The initiative, Moon explained, “will provide Government with timely insights on agricultural land availability, crop location, crop performance, growth stages and expected yield outcomes, strengthening production planning, food security monitoring, agribusiness investment, early warning, and policy development.”
Phase One of the initiative will comprise a six-month pilot across three states, focusing on localisation of the technology through dataset calibration, ground-truthing and national capacity building.
The pilot will establish the technical and institutional foundations needed before the system is rolled out nationwide, Moon added.
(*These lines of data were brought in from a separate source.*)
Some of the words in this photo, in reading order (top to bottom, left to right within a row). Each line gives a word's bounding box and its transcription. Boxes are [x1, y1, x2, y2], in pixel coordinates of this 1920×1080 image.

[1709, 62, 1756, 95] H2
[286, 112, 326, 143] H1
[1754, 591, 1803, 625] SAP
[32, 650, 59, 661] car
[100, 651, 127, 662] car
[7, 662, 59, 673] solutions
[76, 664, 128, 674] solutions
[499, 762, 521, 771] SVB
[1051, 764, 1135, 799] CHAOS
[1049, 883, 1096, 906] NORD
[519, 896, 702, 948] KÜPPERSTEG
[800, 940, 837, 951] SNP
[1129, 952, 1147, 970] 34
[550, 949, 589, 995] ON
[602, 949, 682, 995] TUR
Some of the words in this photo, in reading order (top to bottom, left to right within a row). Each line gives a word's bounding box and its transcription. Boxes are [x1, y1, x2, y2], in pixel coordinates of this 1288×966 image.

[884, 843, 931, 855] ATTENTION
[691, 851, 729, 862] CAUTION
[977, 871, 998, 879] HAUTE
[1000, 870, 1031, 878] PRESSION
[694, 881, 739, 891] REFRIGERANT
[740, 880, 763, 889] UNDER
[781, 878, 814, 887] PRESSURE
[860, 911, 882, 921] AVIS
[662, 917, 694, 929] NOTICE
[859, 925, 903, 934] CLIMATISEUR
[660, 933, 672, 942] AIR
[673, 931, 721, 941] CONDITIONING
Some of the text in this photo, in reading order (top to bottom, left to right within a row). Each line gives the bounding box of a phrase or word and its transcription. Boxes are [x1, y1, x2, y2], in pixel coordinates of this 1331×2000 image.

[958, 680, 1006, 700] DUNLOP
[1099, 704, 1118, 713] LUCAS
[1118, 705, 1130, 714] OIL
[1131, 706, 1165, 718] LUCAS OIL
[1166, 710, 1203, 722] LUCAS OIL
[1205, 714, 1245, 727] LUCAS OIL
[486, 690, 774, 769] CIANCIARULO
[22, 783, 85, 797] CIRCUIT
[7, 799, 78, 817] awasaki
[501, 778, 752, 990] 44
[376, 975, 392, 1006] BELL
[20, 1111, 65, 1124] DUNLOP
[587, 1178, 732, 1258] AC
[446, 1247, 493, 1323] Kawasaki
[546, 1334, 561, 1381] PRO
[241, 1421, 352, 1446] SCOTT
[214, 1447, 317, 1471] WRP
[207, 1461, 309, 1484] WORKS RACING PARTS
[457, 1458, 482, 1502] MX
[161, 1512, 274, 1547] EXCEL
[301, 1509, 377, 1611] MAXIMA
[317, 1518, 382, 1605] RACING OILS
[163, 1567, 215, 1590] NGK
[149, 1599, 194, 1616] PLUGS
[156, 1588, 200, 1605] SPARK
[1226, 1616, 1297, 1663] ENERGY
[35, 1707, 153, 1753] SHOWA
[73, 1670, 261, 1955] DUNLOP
“The visit will also provide an opportunity for the Nigerian delegation to undertake technical engagements and institutional visits that will strengthen national capacity and support implementation of the pilot,” she stated.
The Nigeria-Morocco partnership comes exactly three years after President Bola Tinubu on July 13, 2023, declared a state of emergency on food security.
Nigeria’s food security crisis deepened in 2023, when the removal of the petrol subsidy and the unification of the naira exchange window triggered a severe food inflation spiral that pushed the cost of staples beyond the reach of millions of households.
At its peak in early 2025, Nigeria’s food inflation exceeded 40 per cent year-on-year, among the highest in the world, with rice, maize, tomatoes and cooking oil recording the sharpest increases.
The World Bank, the Food and Agriculture Organisation and UNICEF had all raised the alarm about the scale of food insecurity in the country, with UNICEF estimating that over 31.8 million children under five are acutely malnourished.
According to the UNICEF, it was the second highest burden in the world after India.
The crisis was further compounded by persistent insecurity in the North-West and North-Central farming belts, flooding and climate disruptions in the Middle Belt.
This also included structural weaknesses in the country’s agricultural data infrastructure that made it difficult for planners to accurately monitor production, anticipate shortfalls or target interventions.
In July 2024, Vice President Kashim Shettima inaugurated the Presidential Food Systems Coordinating Unit following a memo submitted to President Tinubu on the need for a dedicated food systems council to coordinate the administration’s response to the crisis.
The PFSCU was constituted under the Presidential Economic Coordinating Council, with Marion Moon, Technical Assistant to the President on Agriculture in the Office of the Vice President, serving as its Executive Secretary.
The unit says it has since driven a series of stakeholder engagements across all six geopolitical zones, convening state governors, agricultural ministry officials, the Nigeria Governors’ Forum and development partners around the National Agribusiness Policy Mechanism.
The NAPM was approved by the National Council on Agriculture and Food Security to align federal and state agricultural interventions around shared priorities.
In March 2026, The PUNCH reported that the PFSCU deployed state coordinators across 13 pilot states to strengthen intelligence gathering on agricultural production patterns, following an earlier mass abandonment of rice cultivation by over 3,500 farmers who recorded cumulative losses estimated at N93bn.
Moon described the MoU as the PFSCU’s first major international technology partnership.
OCP Africa, the continental arm of Morocco’s OCP Group, is ranked the world’s largest phosphate exporter and a major fertiliser manufacturer operating across at least 30 African countries.
Meanwhile, Ground Truth Analytics, which specialises in satellite-based crop monitoring and geospatial agricultural data, has been deployed across several African markets to deliver field-level insights.
The delegation to Morocco comprises representatives from the Office of the Vice President, the PFSCU, the Ministry of Agriculture and Food Security, the Ministry of Finance, the Ministry of Justice, the Nigeria Governors’ Forum, the National Space Research and Development Agency and the National Agricultural Extension and Research Liaison Services, alongside technical experts supporting the initiative’s implementation.